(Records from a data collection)
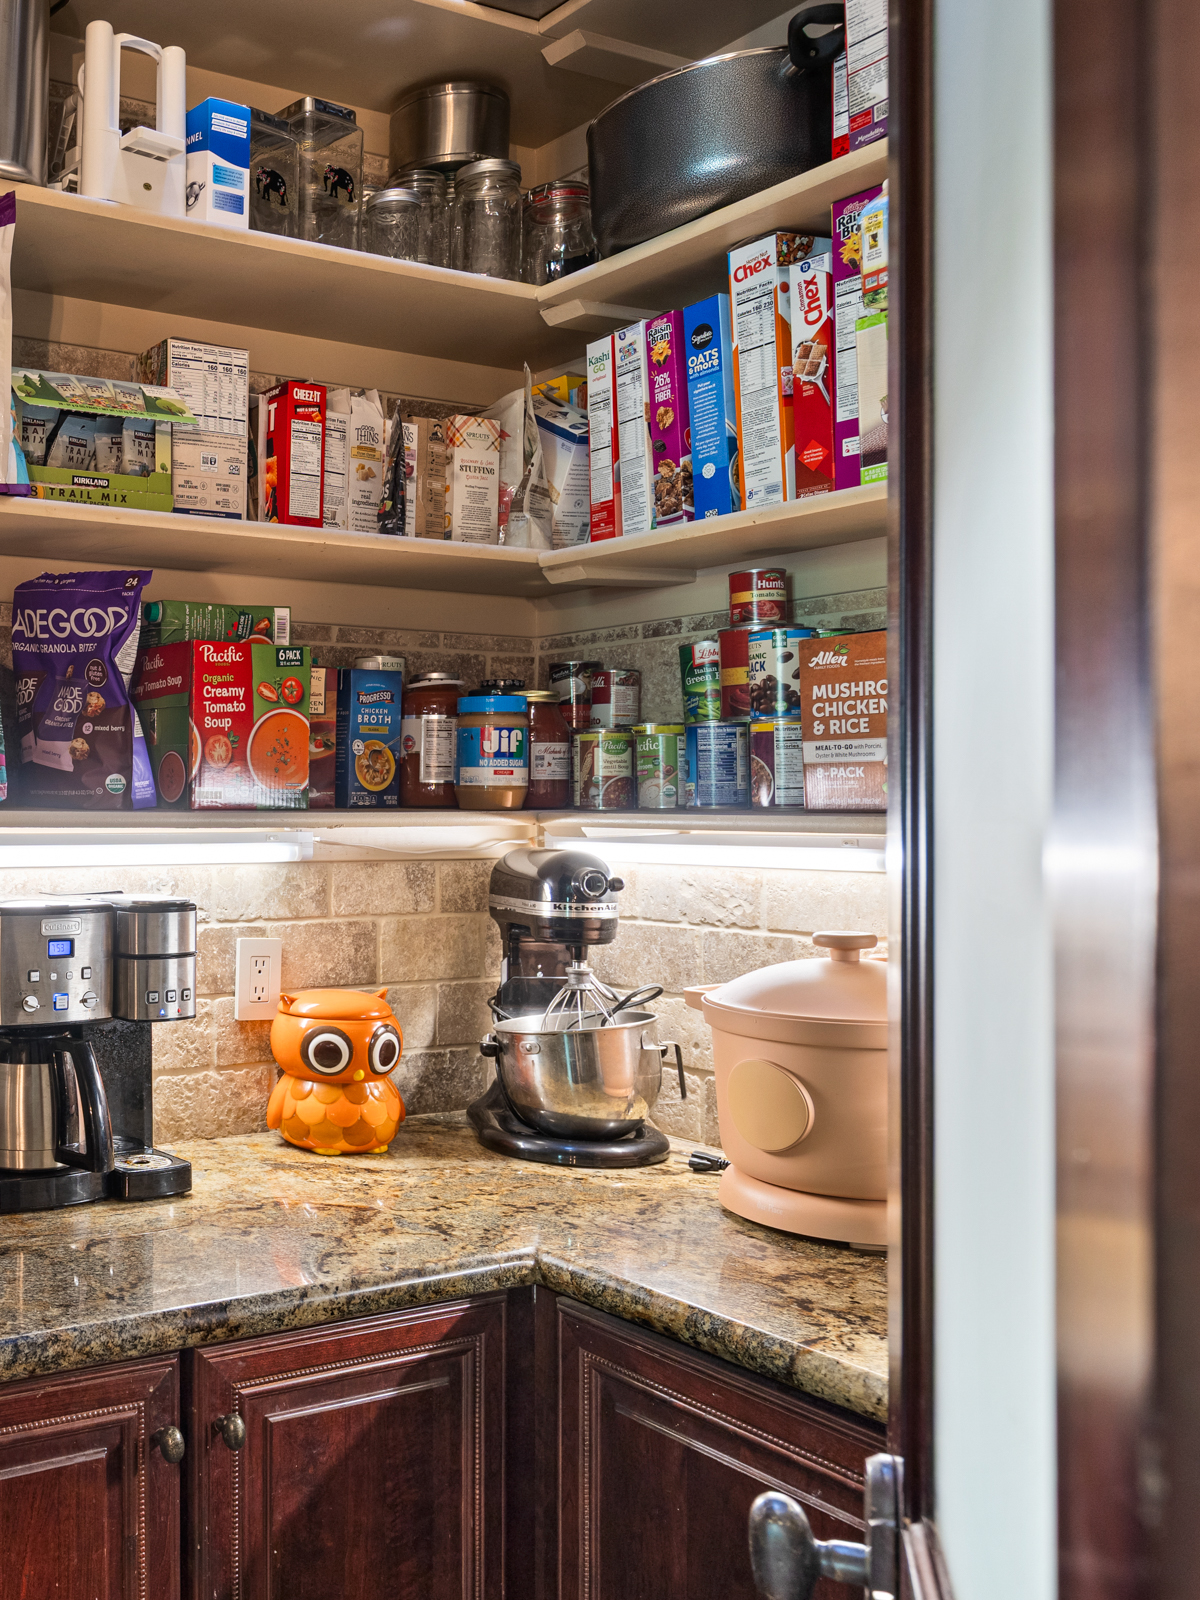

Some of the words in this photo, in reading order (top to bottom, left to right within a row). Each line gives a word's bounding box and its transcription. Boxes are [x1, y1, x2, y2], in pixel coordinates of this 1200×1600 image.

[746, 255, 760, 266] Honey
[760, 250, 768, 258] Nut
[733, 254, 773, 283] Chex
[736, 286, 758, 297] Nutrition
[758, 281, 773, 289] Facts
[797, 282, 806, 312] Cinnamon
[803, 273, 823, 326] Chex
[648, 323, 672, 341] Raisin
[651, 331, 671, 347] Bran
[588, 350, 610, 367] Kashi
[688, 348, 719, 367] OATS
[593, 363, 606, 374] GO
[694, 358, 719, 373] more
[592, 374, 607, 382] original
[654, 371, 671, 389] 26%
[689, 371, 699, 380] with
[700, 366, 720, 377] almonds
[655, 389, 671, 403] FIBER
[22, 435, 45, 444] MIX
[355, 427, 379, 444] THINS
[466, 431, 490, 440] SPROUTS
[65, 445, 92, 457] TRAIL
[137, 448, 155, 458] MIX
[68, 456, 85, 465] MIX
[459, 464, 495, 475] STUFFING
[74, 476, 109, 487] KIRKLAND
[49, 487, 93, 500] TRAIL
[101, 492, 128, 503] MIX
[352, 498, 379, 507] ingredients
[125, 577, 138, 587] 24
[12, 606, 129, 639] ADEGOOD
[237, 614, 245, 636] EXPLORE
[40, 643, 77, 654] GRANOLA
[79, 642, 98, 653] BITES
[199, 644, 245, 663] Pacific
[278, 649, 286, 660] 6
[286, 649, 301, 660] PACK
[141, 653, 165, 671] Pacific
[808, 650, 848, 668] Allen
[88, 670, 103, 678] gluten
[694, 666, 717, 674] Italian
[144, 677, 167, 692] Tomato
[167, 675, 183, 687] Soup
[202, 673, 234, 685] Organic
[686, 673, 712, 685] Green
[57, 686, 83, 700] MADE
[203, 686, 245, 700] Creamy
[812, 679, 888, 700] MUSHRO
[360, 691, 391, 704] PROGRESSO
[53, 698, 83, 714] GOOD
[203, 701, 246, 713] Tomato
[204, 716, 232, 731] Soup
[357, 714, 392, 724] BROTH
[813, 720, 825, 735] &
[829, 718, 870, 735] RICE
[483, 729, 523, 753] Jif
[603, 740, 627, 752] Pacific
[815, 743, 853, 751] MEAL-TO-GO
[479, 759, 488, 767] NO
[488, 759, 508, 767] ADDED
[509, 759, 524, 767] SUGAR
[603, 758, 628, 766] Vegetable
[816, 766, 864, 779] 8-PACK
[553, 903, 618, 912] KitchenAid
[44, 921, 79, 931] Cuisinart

▸ **TASK OBJECTIVE**: Transcribe each of the records above precisely, with no pictures in the copy.

▸ **ANSWER TO THE EXERCISE**:
Some of the words in this photo, in reading order (top to bottom, left to right within a row). Each line gives a word's bounding box and its transcription. Boxes are [x1, y1, x2, y2], in pixel coordinates of this 1200×1600 image.

[746, 255, 760, 266] Honey
[760, 250, 768, 258] Nut
[733, 254, 773, 283] Chex
[736, 286, 758, 297] Nutrition
[758, 281, 773, 289] Facts
[797, 282, 806, 312] Cinnamon
[803, 273, 823, 326] Chex
[648, 323, 672, 341] Raisin
[651, 331, 671, 347] Bran
[588, 350, 610, 367] Kashi
[688, 348, 719, 367] OATS
[593, 363, 606, 374] GO
[694, 358, 719, 373] more
[592, 374, 607, 382] original
[654, 371, 671, 389] 26%
[689, 371, 699, 380] with
[700, 366, 720, 377] almonds
[655, 389, 671, 403] FIBER
[22, 435, 45, 444] MIX
[355, 427, 379, 444] THINS
[466, 431, 490, 440] SPROUTS
[65, 445, 92, 457] TRAIL
[137, 448, 155, 458] MIX
[68, 456, 85, 465] MIX
[459, 464, 495, 475] STUFFING
[74, 476, 109, 487] KIRKLAND
[49, 487, 93, 500] TRAIL
[101, 492, 128, 503] MIX
[352, 498, 379, 507] ingredients
[125, 577, 138, 587] 24
[12, 606, 129, 639] ADEGOOD
[237, 614, 245, 636] EXPLORE
[40, 643, 77, 654] GRANOLA
[79, 642, 98, 653] BITES
[199, 644, 245, 663] Pacific
[278, 649, 286, 660] 6
[286, 649, 301, 660] PACK
[141, 653, 165, 671] Pacific
[808, 650, 848, 668] Allen
[88, 670, 103, 678] gluten
[694, 666, 717, 674] Italian
[144, 677, 167, 692] Tomato
[167, 675, 183, 687] Soup
[202, 673, 234, 685] Organic
[686, 673, 712, 685] Green
[57, 686, 83, 700] MADE
[203, 686, 245, 700] Creamy
[812, 679, 888, 700] MUSHRO
[360, 691, 391, 704] PROGRESSO
[53, 698, 83, 714] GOOD
[203, 701, 246, 713] Tomato
[204, 716, 232, 731] Soup
[357, 714, 392, 724] BROTH
[813, 720, 825, 735] &
[829, 718, 870, 735] RICE
[483, 729, 523, 753] Jif
[603, 740, 627, 752] Pacific
[815, 743, 853, 751] MEAL-TO-GO
[479, 759, 488, 767] NO
[488, 759, 508, 767] ADDED
[509, 759, 524, 767] SUGAR
[603, 758, 628, 766] Vegetable
[816, 766, 864, 779] 8-PACK
[553, 903, 618, 912] KitchenAid
[44, 921, 79, 931] Cuisinart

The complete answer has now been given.